CNBC: Stocks making the biggest moves after hours: JWN, NVDA and more

Check out the companies making headlines after the bell:

Nordstrom surged 11 percent after the company reported quarterly earnings and revenue that easily beat expectations. The retailer posted a quarterly profit of 95 cents a share on $4.07 billion in revenue. Analysts polled by Reuters had forecast a profit of 84 cents a share on $3.96 billion in sales. The strong results were driven by same-store sales that easily beat expectations. Same-store sales rose 4 percent versus an estimate of 0.8 percent. Nordstrom also issued better-than-expected profit guidance for the year.


Chipmaker Applied Materials pulled back 3 percent in extended trading after issuing weaker-than-expected guidance for its fiscal fourth quarter. The company said it expects earnings per share between 92 cents and $1. Analysts polled by FactSet, however, had forecast earnings of $1.17 per share. Applied Materials also reported better-than-forecast earnings and revenue for its third quarter, however.

For-profit college operator Adtalem Global Education posted weaker-than-forecast quarterly results, sending its stock down 2 percent after the bell. The company formerly known as DeVry Education Group reported earnings per share of 86 cents on revenue of $320 million. Analysts polled by Reuters expected a profit of 91 cents a share on sales of $352 million.
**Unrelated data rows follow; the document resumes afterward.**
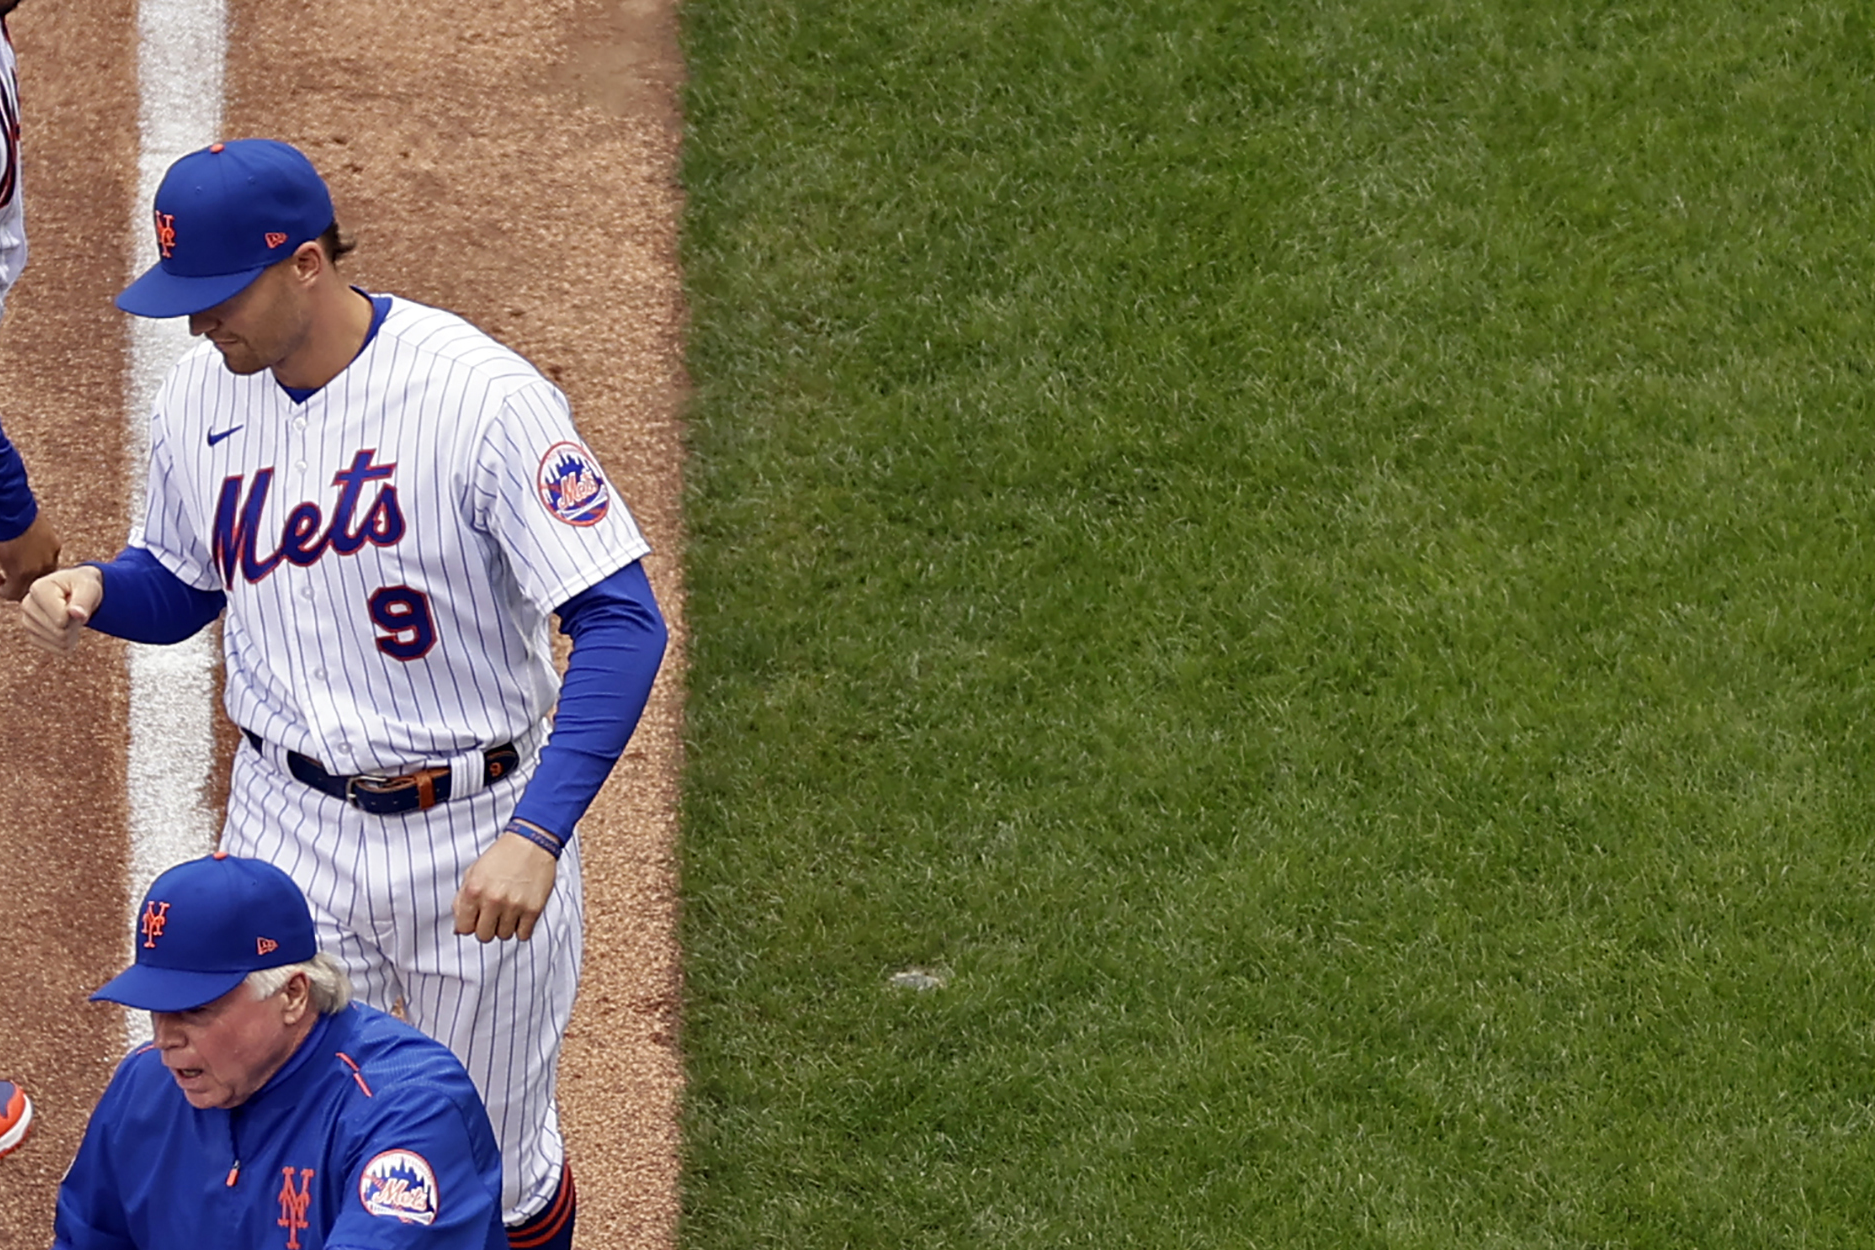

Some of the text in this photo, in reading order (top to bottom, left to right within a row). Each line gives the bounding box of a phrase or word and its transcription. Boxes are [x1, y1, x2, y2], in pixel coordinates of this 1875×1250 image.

[213, 447, 406, 591] Mets
[367, 584, 438, 661] 9
[140, 900, 171, 948] NY
[277, 1166, 316, 1250] NY
[371, 1178, 428, 1212] Mets
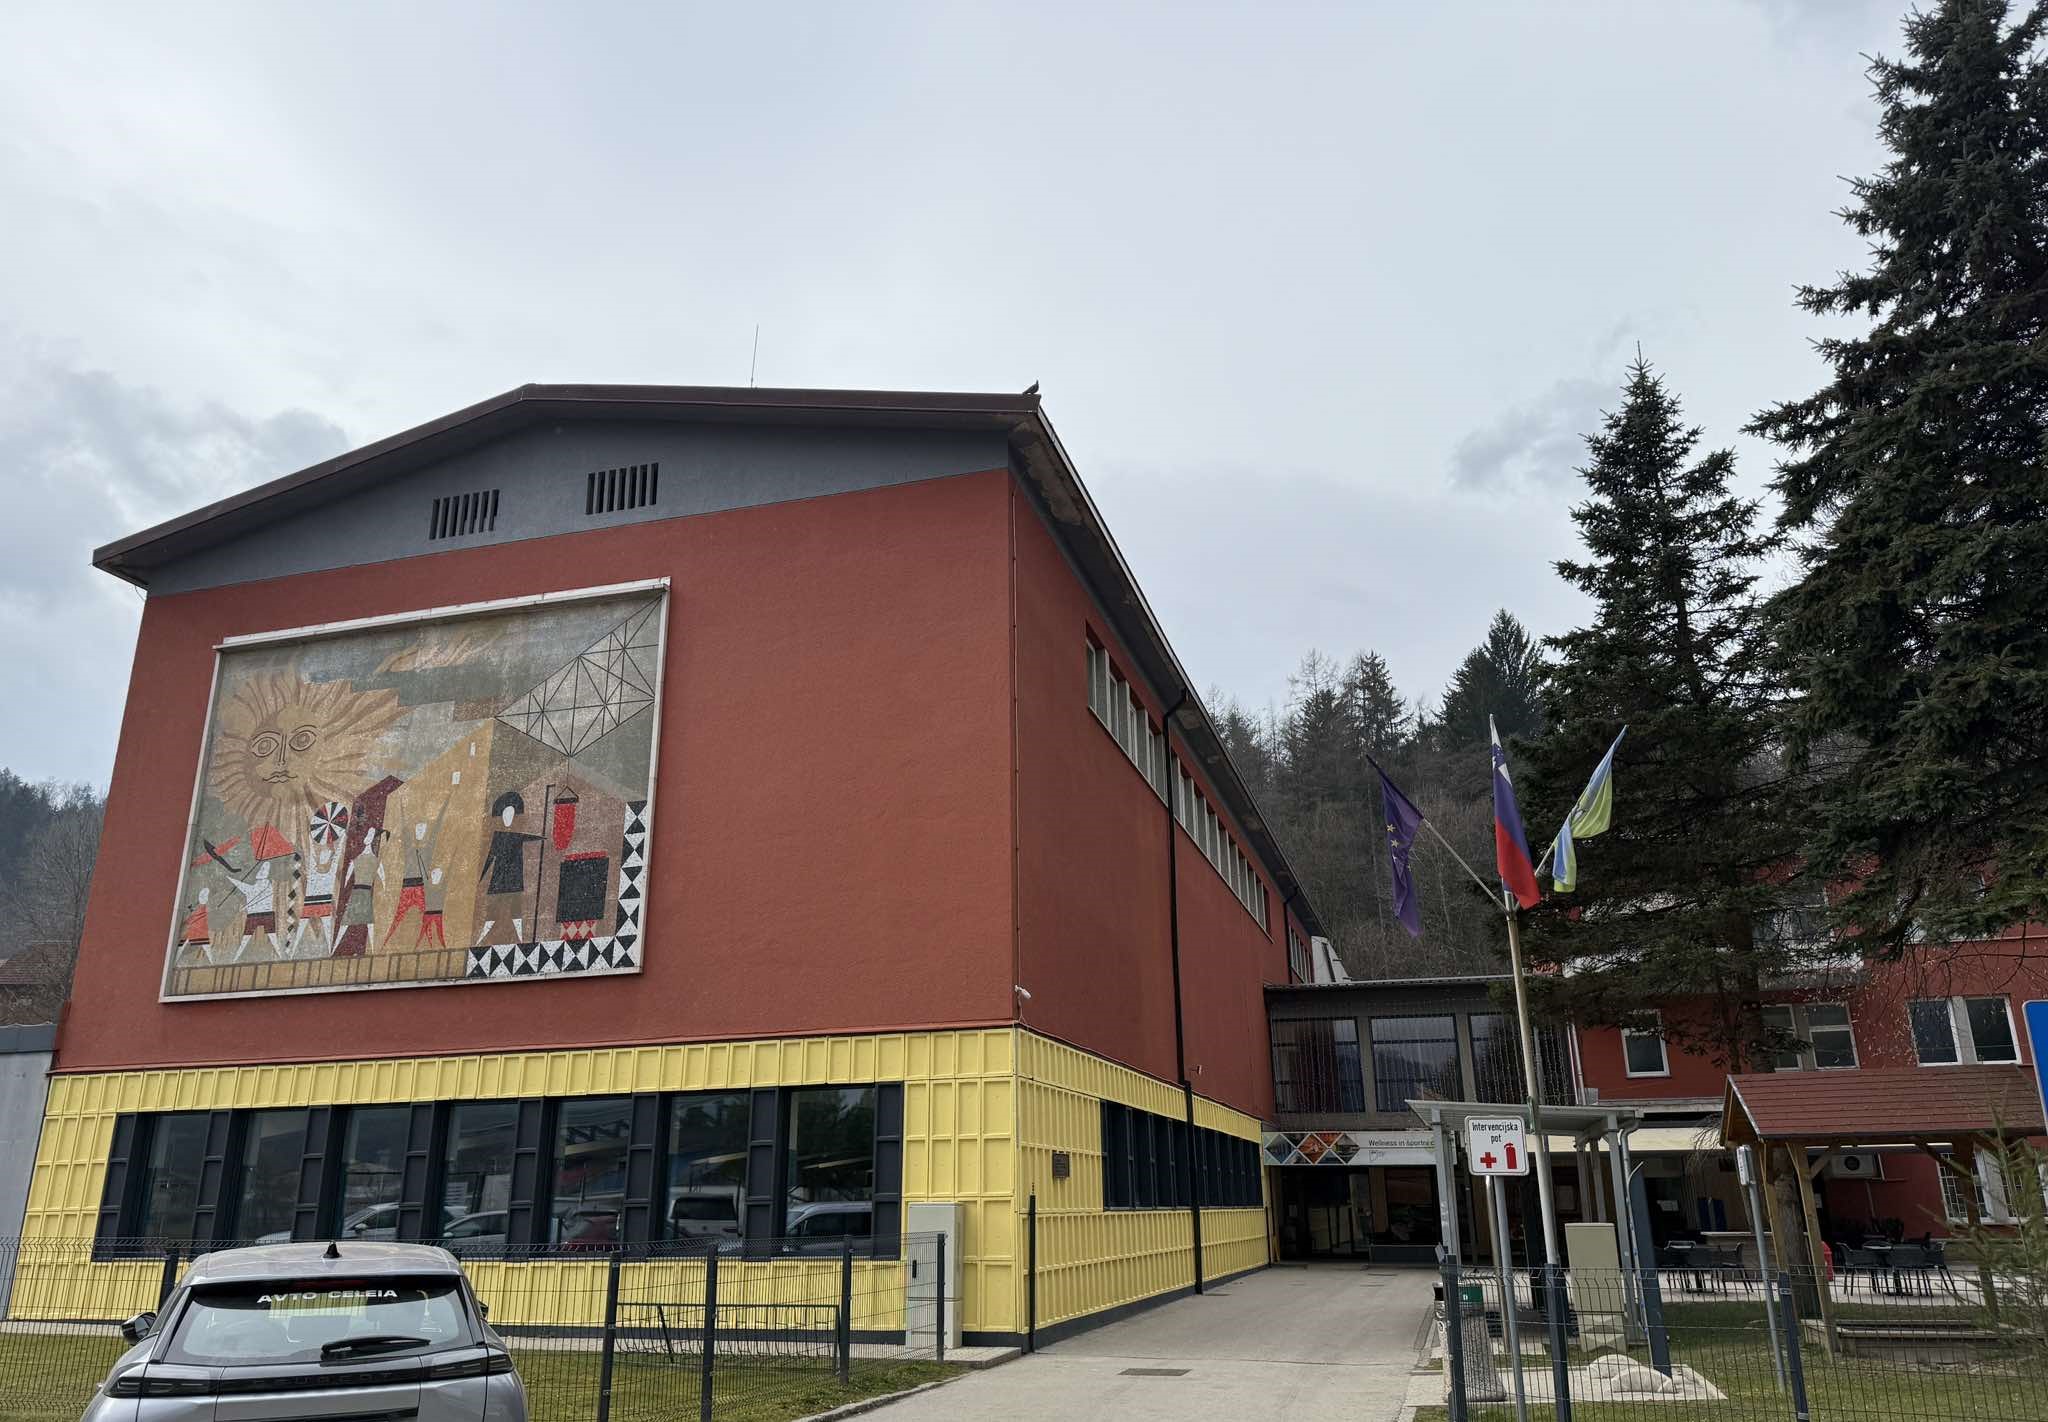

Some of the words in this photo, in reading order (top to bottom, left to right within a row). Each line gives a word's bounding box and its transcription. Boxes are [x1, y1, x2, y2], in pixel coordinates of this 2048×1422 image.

[1472, 1121, 1519, 1133] Intervencijska
[1491, 1134, 1502, 1145] pot
[257, 1292, 317, 1304] AVTO
[328, 1289, 398, 1299] CELEIA
Nvidia shares dropped 4 percent after the close upon issuing a weak revenue forecast for the third quarter. The chipmaker said it expects third-quarter sales to total about $3.25 billion. Analysts expected Nvidia to issue a sales forecast of around $3.34 billion. Its second-quarter earnings and revenue surpassed analyst estimates, however.


Tesla‘s stock briefly slipped in after-hours trading on a report that the Securities and Exchange Commission is investigating whether CEO Elon Musk tweeted about taking the company private to hurt short sellers. The stock later recovered those losses and was last seen trading about flat.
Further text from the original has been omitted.